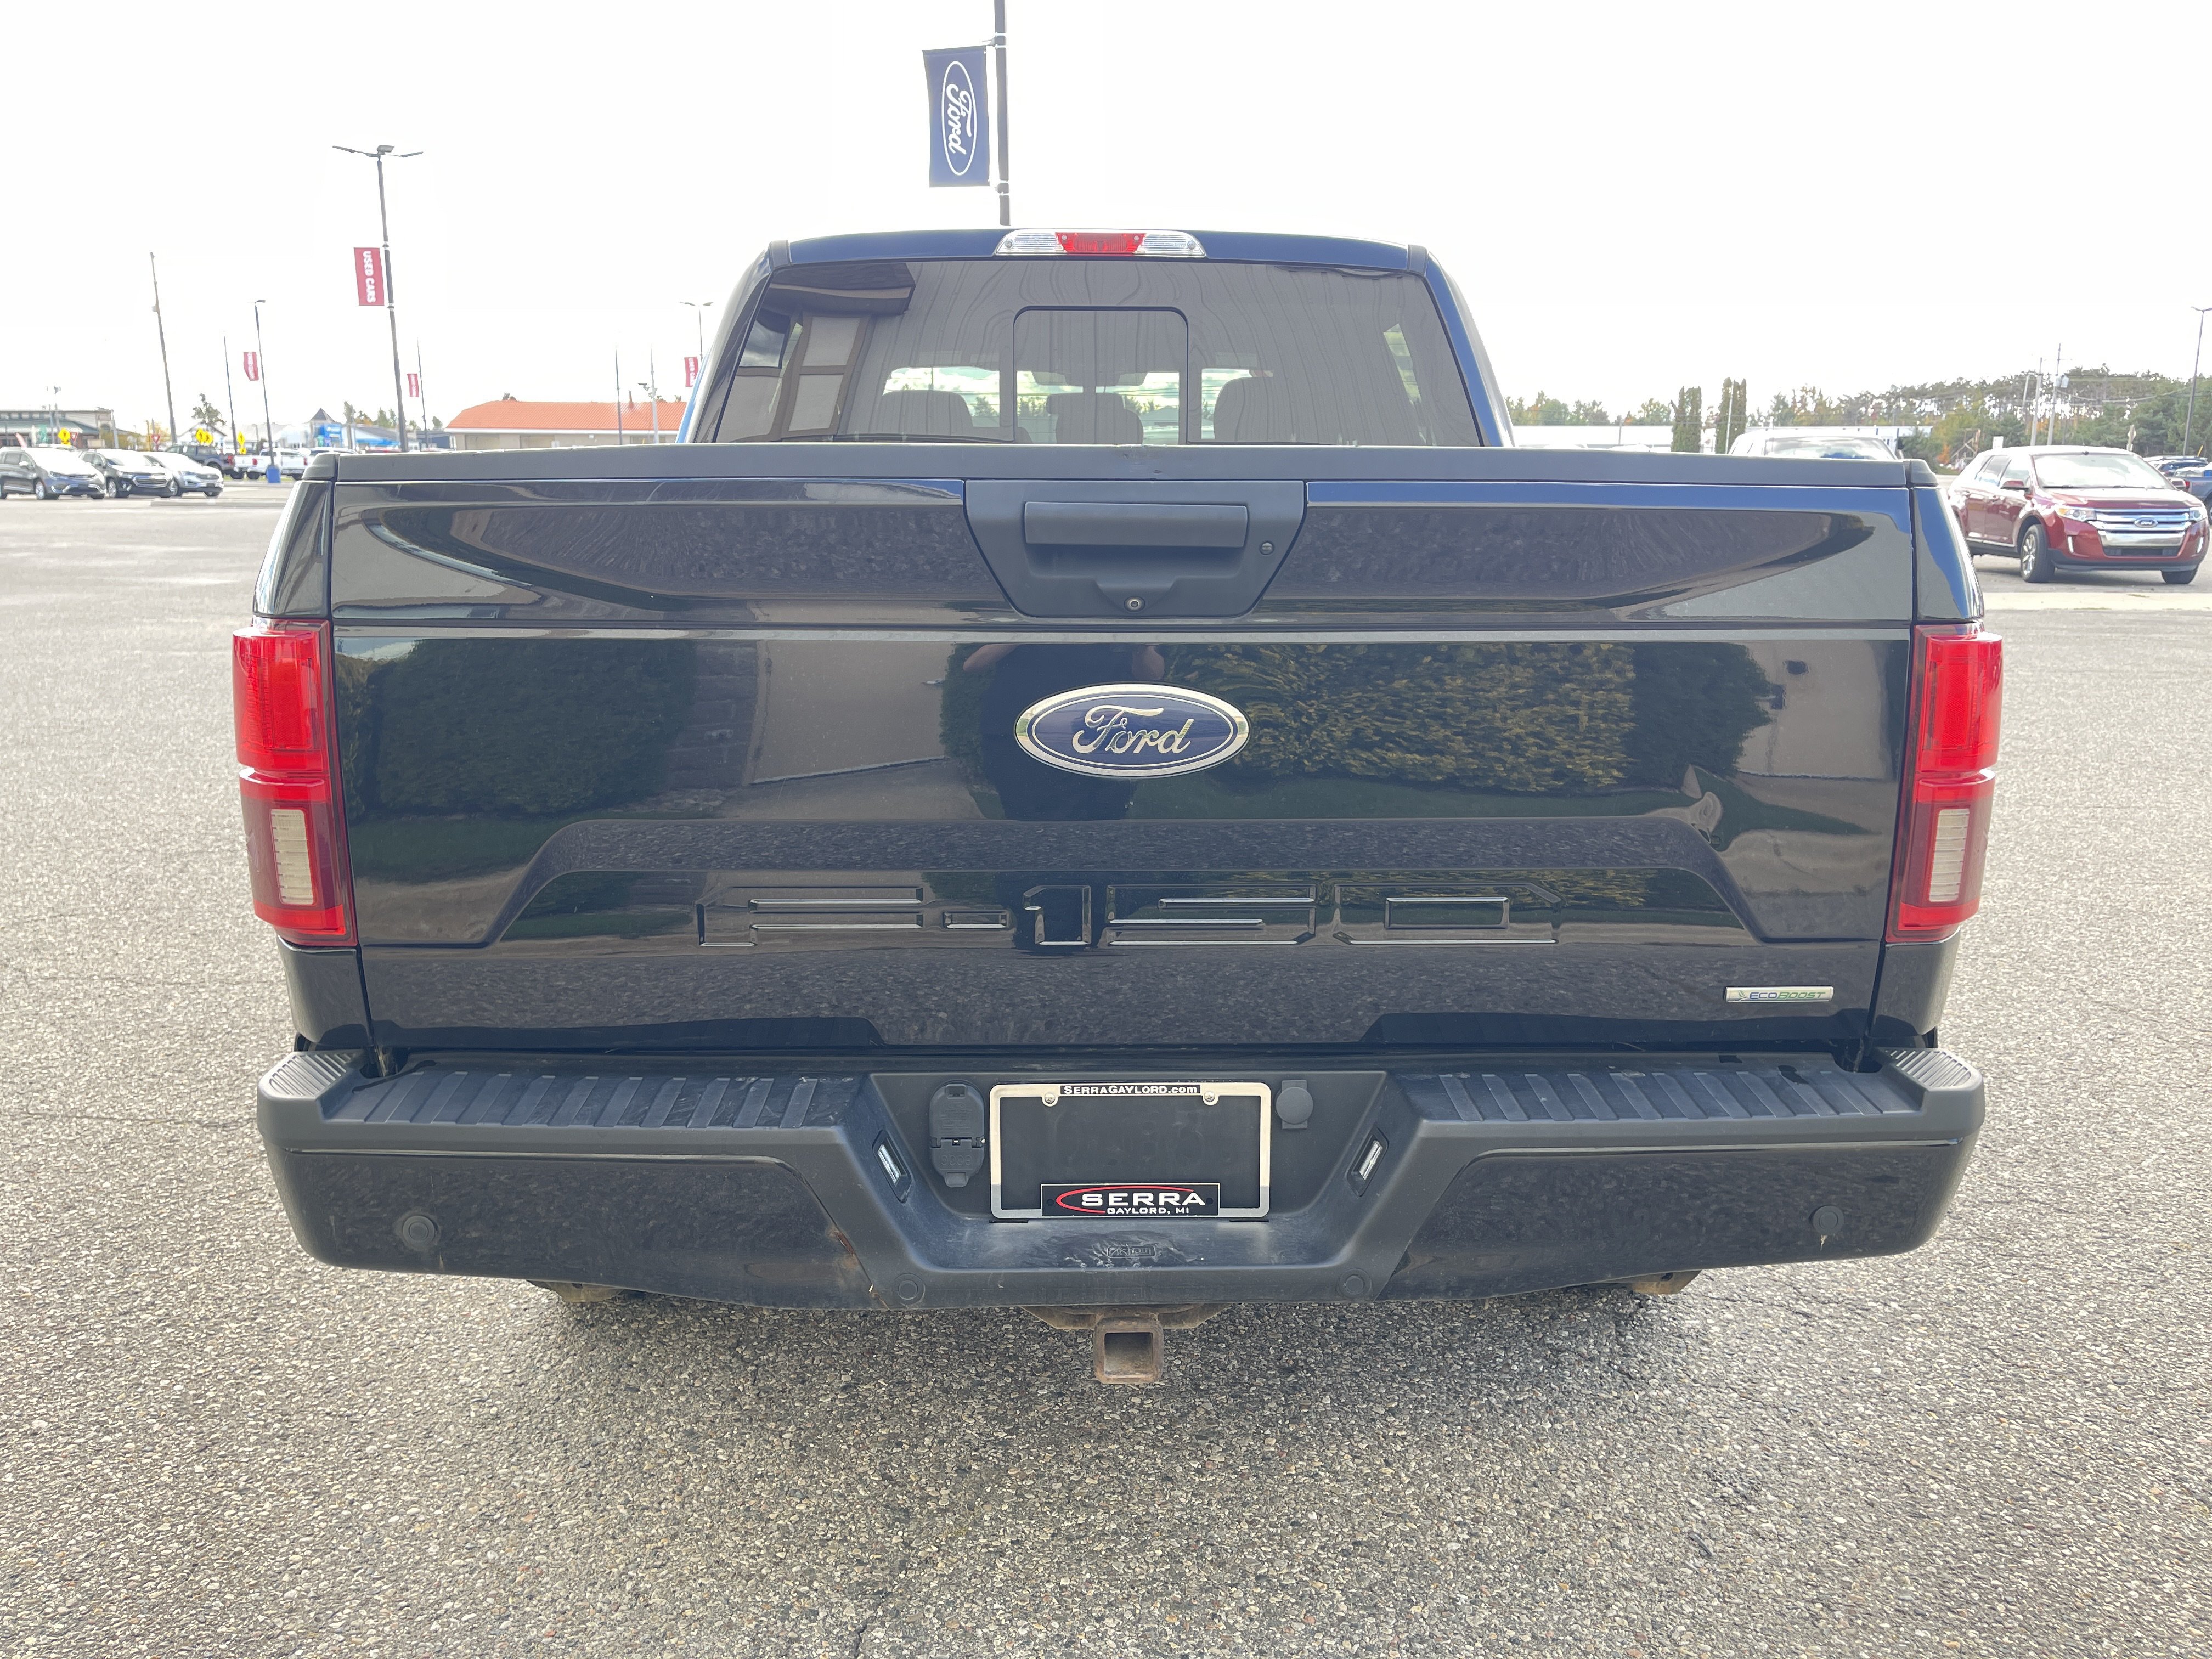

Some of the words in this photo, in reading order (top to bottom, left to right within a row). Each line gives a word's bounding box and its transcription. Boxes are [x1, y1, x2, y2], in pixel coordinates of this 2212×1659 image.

[946, 83, 972, 155] Ford
[363, 251, 374, 276] USED
[365, 278, 376, 303] CARS
[1072, 704, 1194, 754] Ford
[695, 883, 1564, 947] F-150
[1064, 1085, 1197, 1094] SERRAGAYLORD.com
[1081, 1193, 1206, 1206] SERRA

================

Task description
The listing above is to be retyped exactly, with all pictures left out.

Task answer
Some of the words in this photo, in reading order (top to bottom, left to right within a row). Each line gives a word's bounding box and its transcription. Boxes are [x1, y1, x2, y2], in pixel coordinates of this 2212×1659 image.

[946, 83, 972, 155] Ford
[363, 251, 374, 276] USED
[365, 278, 376, 303] CARS
[1072, 704, 1194, 754] Ford
[695, 883, 1564, 947] F-150
[1064, 1085, 1197, 1094] SERRAGAYLORD.com
[1081, 1193, 1206, 1206] SERRA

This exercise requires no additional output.